### The task
The copy you return must match the listing word for word and carry no pictures.

### Input material
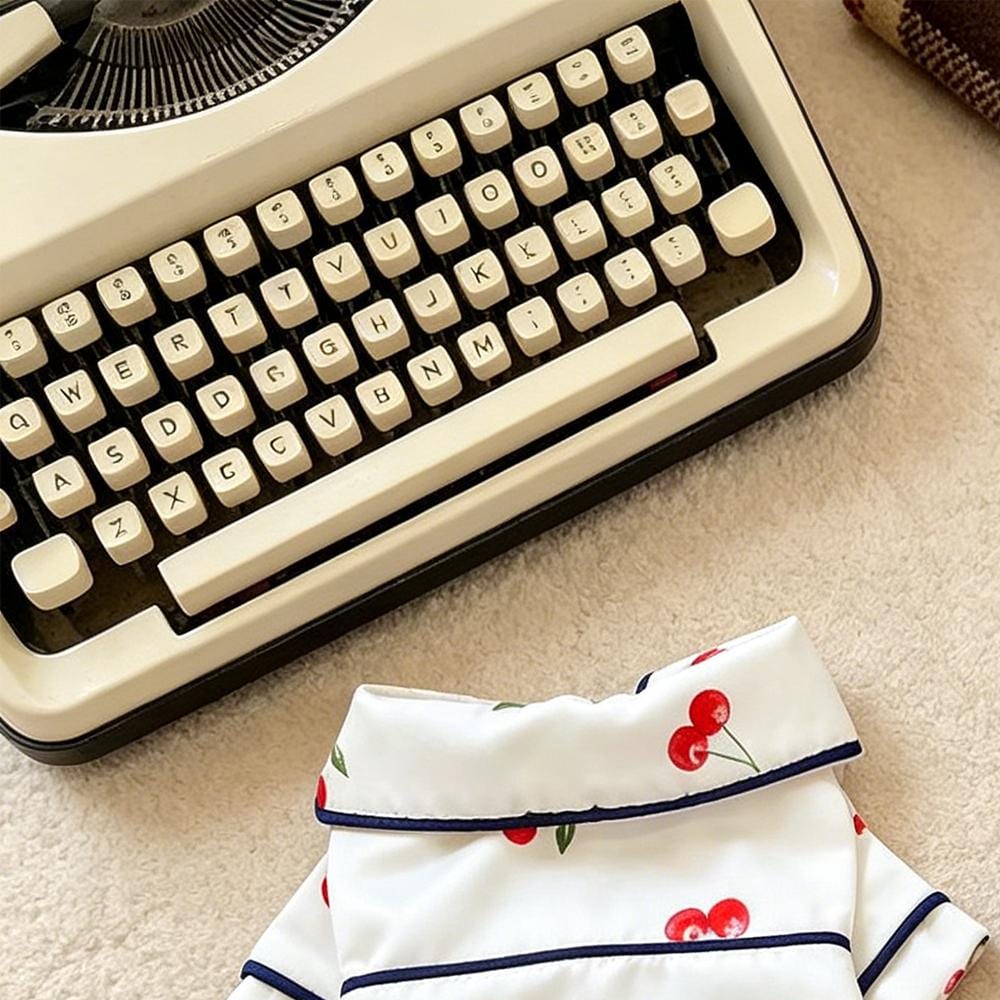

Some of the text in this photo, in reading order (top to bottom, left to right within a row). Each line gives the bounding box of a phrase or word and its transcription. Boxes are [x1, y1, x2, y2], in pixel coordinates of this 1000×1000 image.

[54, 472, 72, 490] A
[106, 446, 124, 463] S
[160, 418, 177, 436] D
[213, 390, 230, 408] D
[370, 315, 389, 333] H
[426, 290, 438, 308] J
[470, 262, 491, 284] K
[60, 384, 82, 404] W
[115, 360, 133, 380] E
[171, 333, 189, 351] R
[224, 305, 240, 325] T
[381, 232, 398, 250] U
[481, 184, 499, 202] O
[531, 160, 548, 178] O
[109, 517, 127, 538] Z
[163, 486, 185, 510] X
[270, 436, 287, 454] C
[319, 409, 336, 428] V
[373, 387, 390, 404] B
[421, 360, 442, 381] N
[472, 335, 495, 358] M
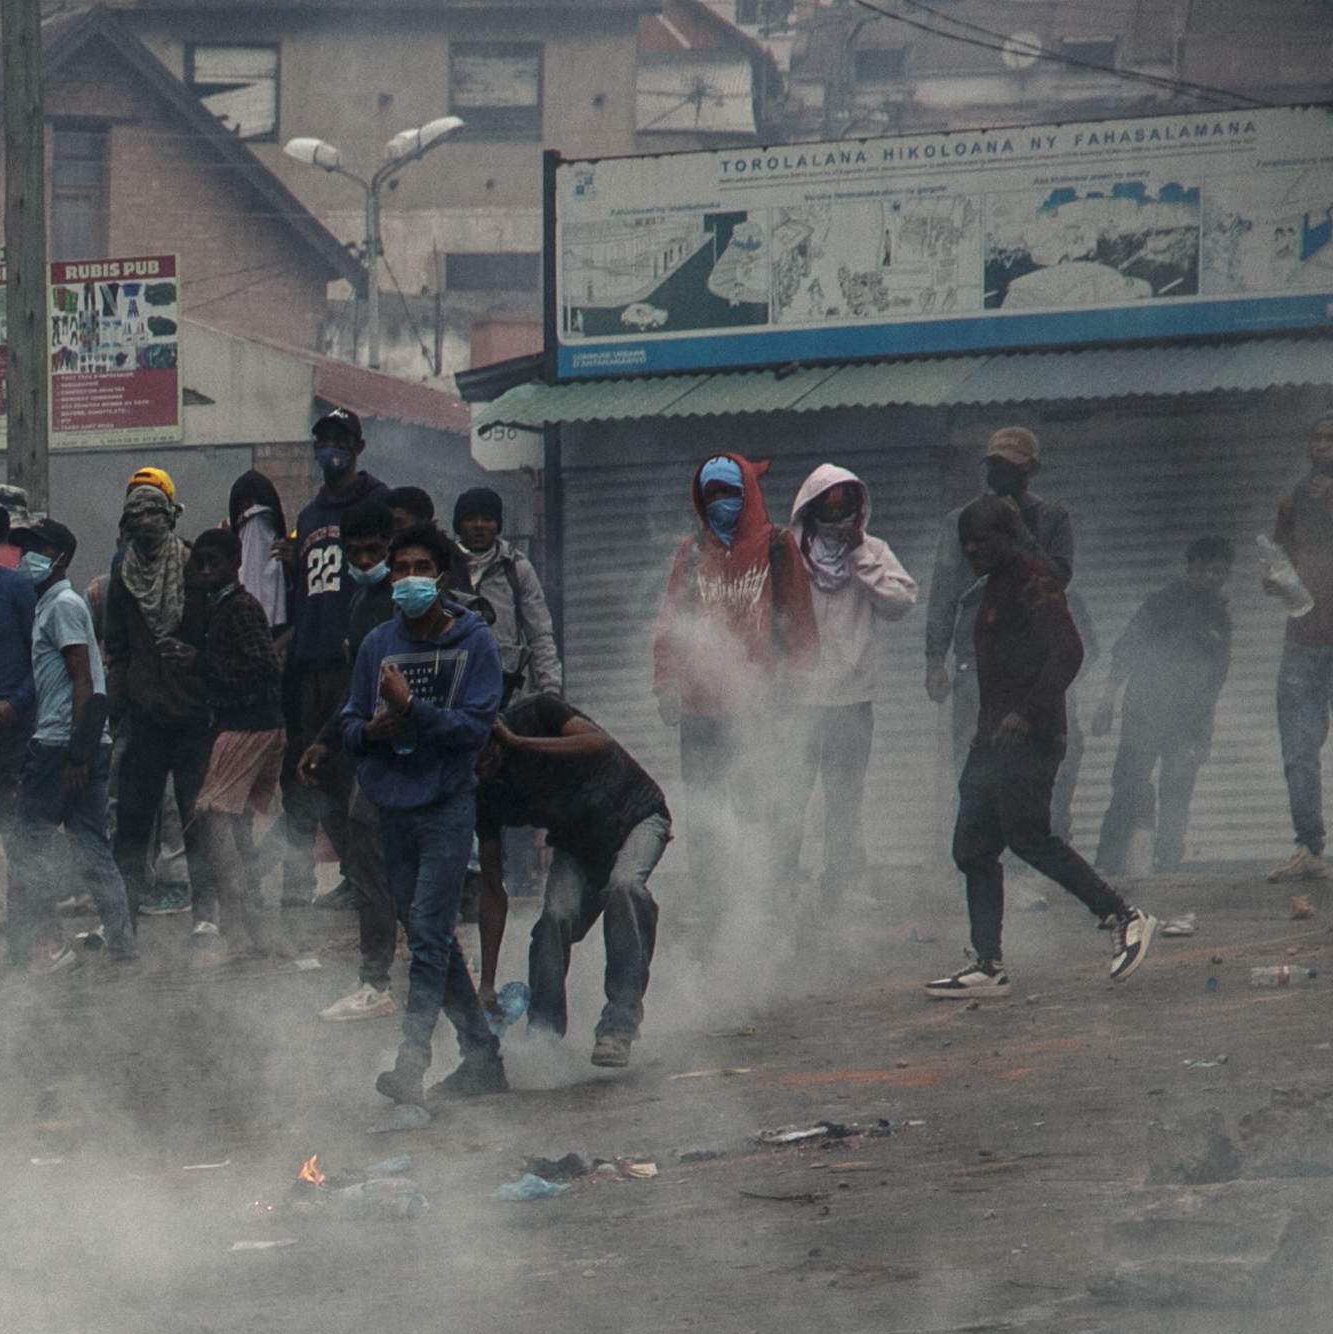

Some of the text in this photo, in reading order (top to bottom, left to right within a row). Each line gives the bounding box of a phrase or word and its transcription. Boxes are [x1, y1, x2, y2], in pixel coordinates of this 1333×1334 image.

### Response area
Some of the text in this photo, in reading order (top to bottom, left to right within a row). Each line gives the bounding box of a phrase or word and its transcription. Boxes are [x1, y1, x2, y2], in pixel coordinates of this 1000×1000 image.

[54, 472, 72, 490] A
[106, 446, 124, 463] S
[160, 418, 177, 436] D
[213, 390, 230, 408] D
[370, 315, 389, 333] H
[426, 290, 438, 308] J
[470, 262, 491, 284] K
[60, 384, 82, 404] W
[115, 360, 133, 380] E
[171, 333, 189, 351] R
[224, 305, 240, 325] T
[381, 232, 398, 250] U
[481, 184, 499, 202] O
[531, 160, 548, 178] O
[109, 517, 127, 538] Z
[163, 486, 185, 510] X
[270, 436, 287, 454] C
[319, 409, 336, 428] V
[373, 387, 390, 404] B
[421, 360, 442, 381] N
[472, 335, 495, 358] M

Some of the text in this photo, in reading order (top to bottom, left to right within a row). Each line gives the bounding box of a phrase or word and its transcription. Boxes are [x1, y1, x2, y2], in pixel coordinates of this 1333×1334 image.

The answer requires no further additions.